Exercise — Give the listing back in full, exactly as written, with the pictures removed.

*** Opening Dataset content ***

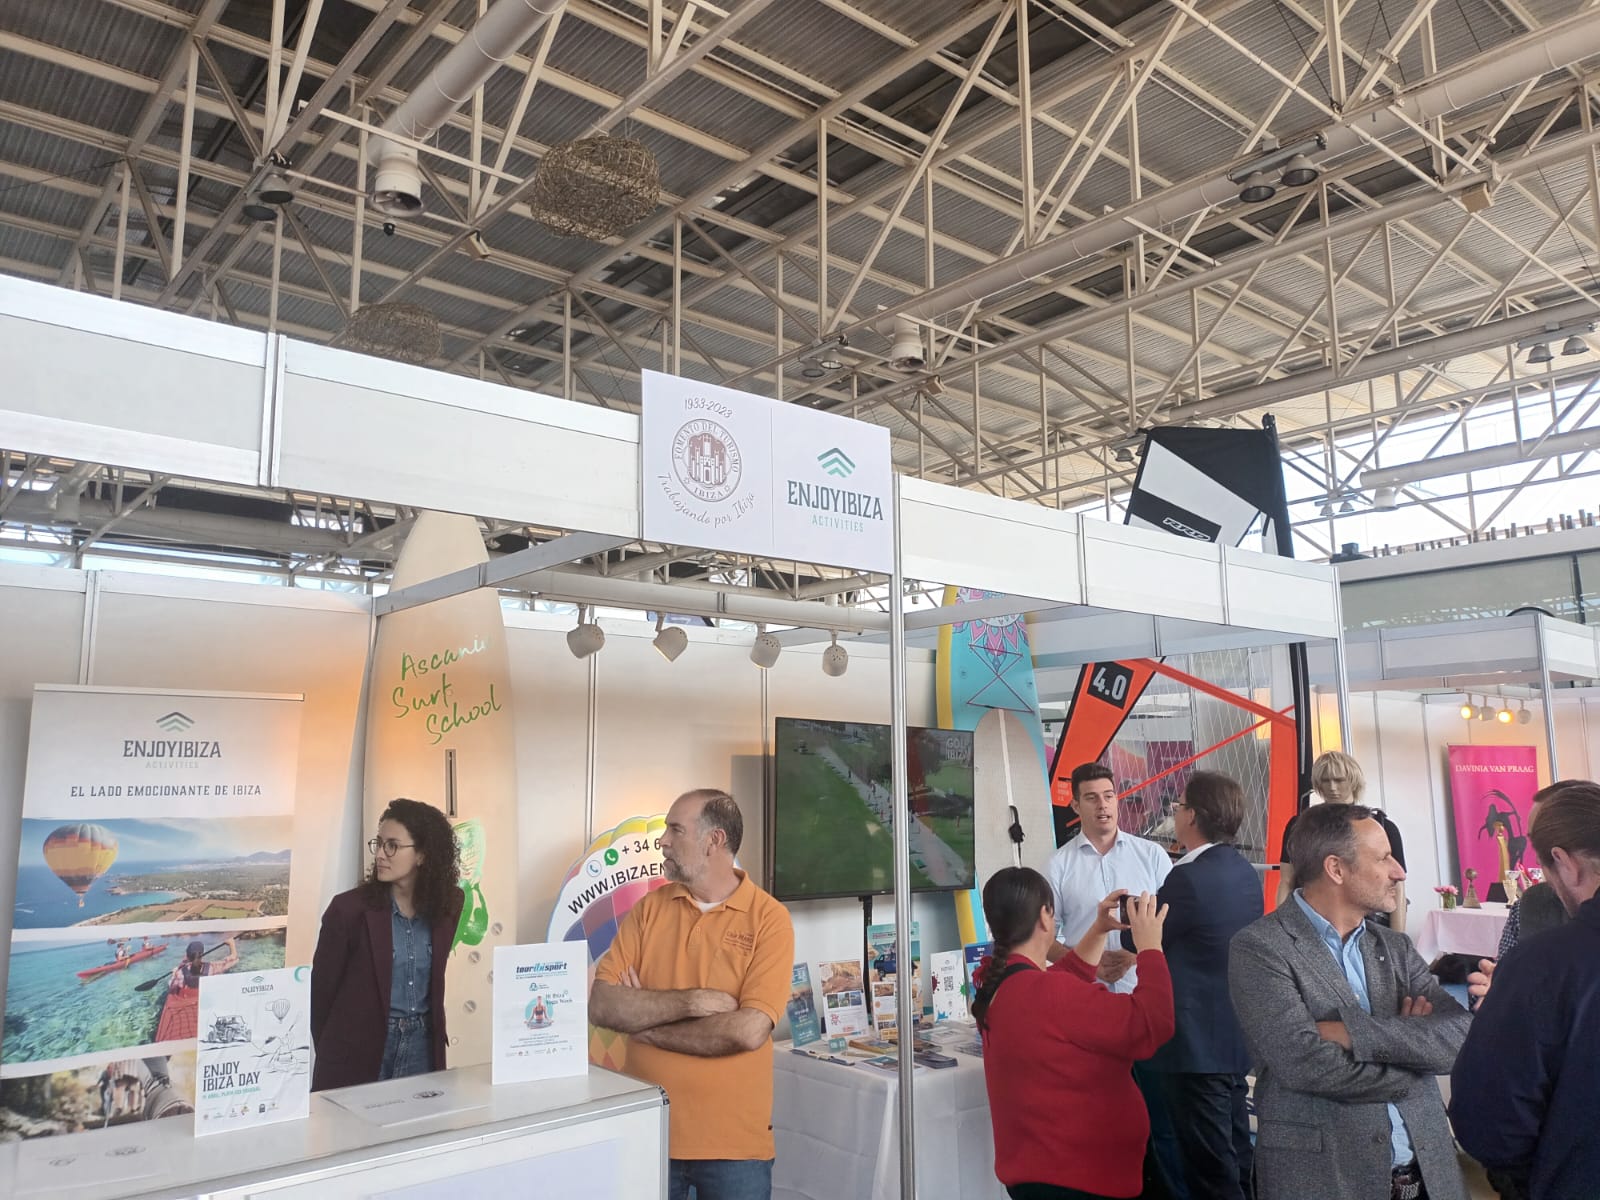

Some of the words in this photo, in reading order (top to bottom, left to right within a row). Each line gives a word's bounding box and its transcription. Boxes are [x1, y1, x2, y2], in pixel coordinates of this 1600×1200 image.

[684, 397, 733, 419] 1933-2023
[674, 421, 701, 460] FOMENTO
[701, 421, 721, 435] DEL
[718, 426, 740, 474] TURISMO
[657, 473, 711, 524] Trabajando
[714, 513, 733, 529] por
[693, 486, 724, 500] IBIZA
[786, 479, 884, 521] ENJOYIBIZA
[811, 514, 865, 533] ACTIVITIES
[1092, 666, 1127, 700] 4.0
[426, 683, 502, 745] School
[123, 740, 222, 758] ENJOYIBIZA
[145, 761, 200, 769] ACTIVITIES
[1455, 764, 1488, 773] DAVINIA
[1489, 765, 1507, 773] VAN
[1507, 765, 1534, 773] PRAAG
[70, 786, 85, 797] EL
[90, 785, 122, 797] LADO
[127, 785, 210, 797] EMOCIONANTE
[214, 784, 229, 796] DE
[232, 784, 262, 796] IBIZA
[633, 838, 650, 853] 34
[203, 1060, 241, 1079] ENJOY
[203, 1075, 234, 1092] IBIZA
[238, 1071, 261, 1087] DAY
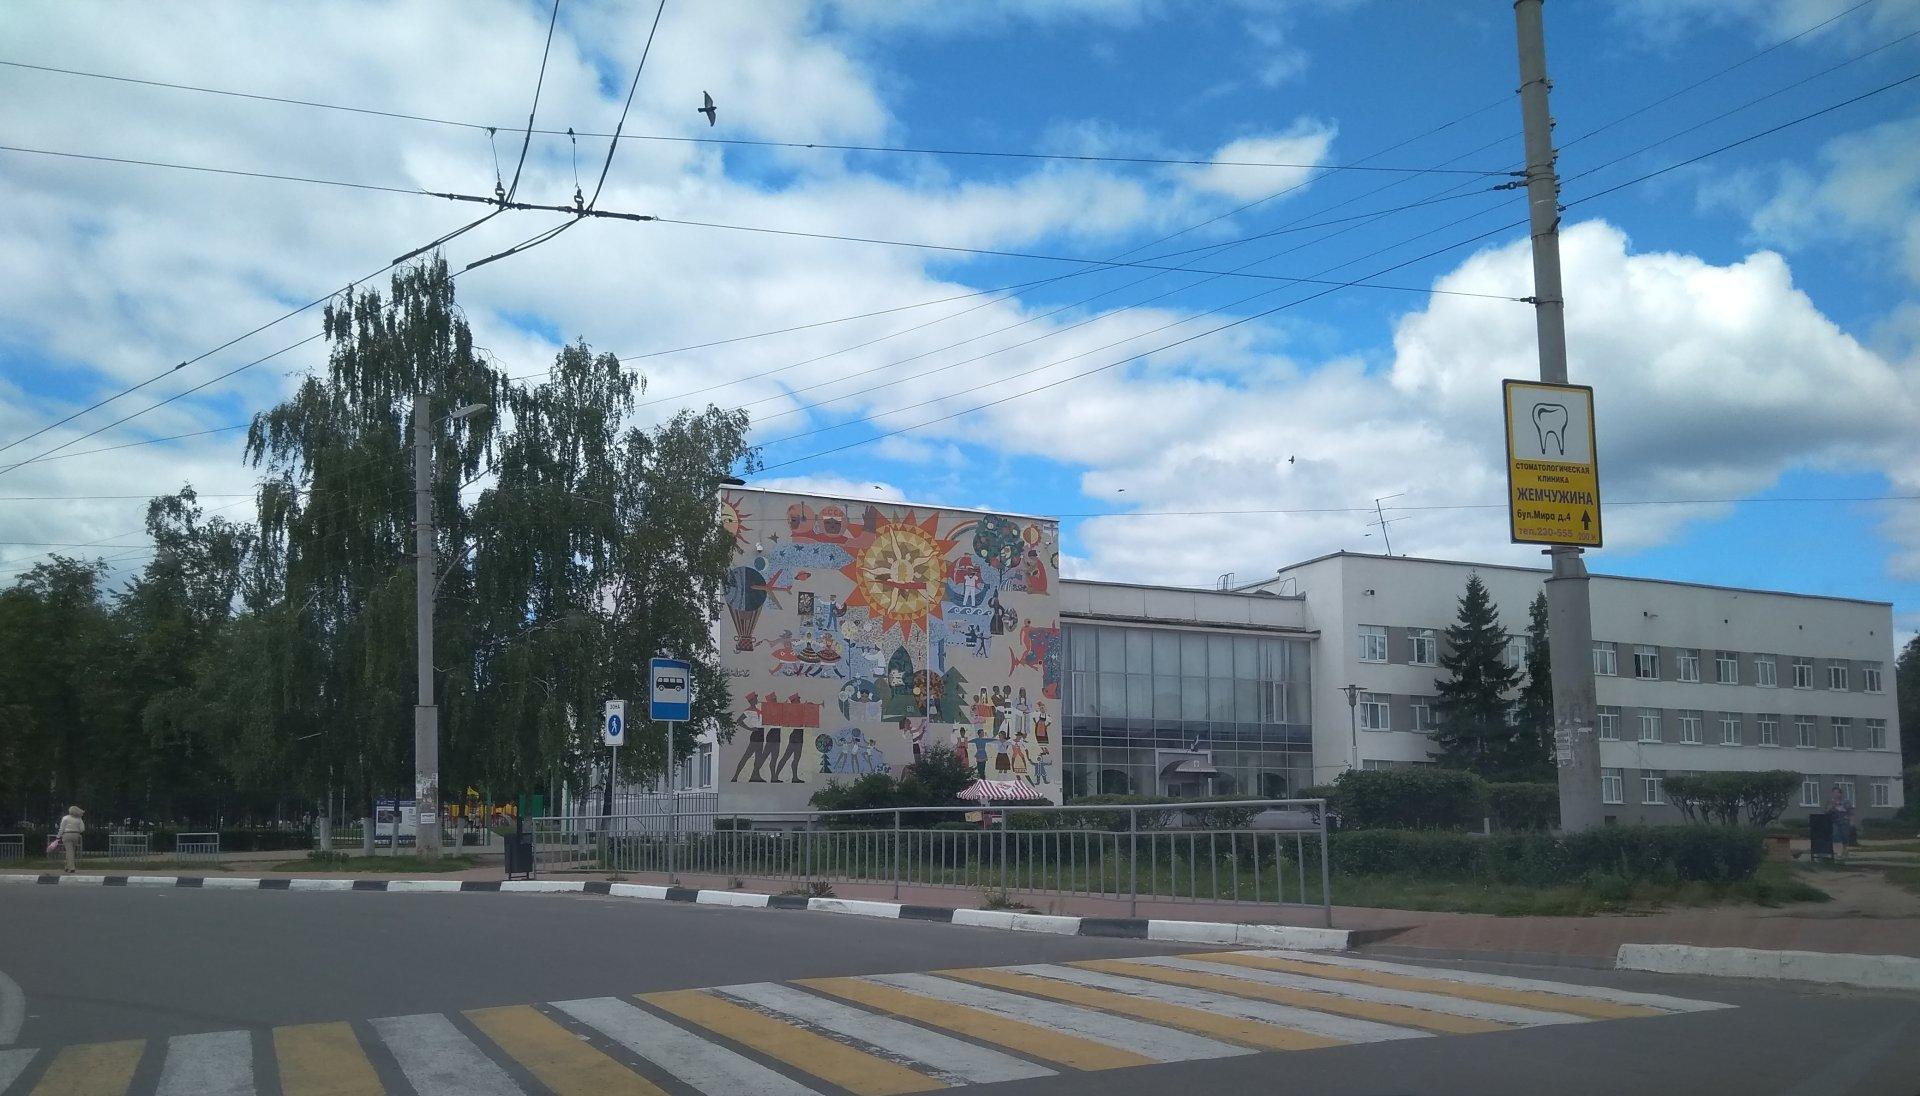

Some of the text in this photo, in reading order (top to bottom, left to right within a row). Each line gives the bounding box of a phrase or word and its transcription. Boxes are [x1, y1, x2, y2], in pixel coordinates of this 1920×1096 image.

*** Closing Dataset content ***

Answer space —
Some of the words in this photo, in reading order (top to bottom, left to right within a row). Each line gives a word's bounding box and its transcription. Boxes are [x1, y1, x2, y2], in pixel coordinates of this 1600×1200 image.

[684, 397, 733, 419] 1933-2023
[674, 421, 701, 460] FOMENTO
[701, 421, 721, 435] DEL
[718, 426, 740, 474] TURISMO
[657, 473, 711, 524] Trabajando
[714, 513, 733, 529] por
[693, 486, 724, 500] IBIZA
[786, 479, 884, 521] ENJOYIBIZA
[811, 514, 865, 533] ACTIVITIES
[1092, 666, 1127, 700] 4.0
[426, 683, 502, 745] School
[123, 740, 222, 758] ENJOYIBIZA
[145, 761, 200, 769] ACTIVITIES
[1455, 764, 1488, 773] DAVINIA
[1489, 765, 1507, 773] VAN
[1507, 765, 1534, 773] PRAAG
[70, 786, 85, 797] EL
[90, 785, 122, 797] LADO
[127, 785, 210, 797] EMOCIONANTE
[214, 784, 229, 796] DE
[232, 784, 262, 796] IBIZA
[633, 838, 650, 853] 34
[203, 1060, 241, 1079] ENJOY
[203, 1075, 234, 1092] IBIZA
[238, 1071, 261, 1087] DAY

Some of the text in this photo, in reading order (top to bottom, left to right within a row). Each line gives the bounding box of a phrase or word and its transcription. Boxes are [x1, y1, x2, y2], in pixel coordinates of this 1920×1096 image.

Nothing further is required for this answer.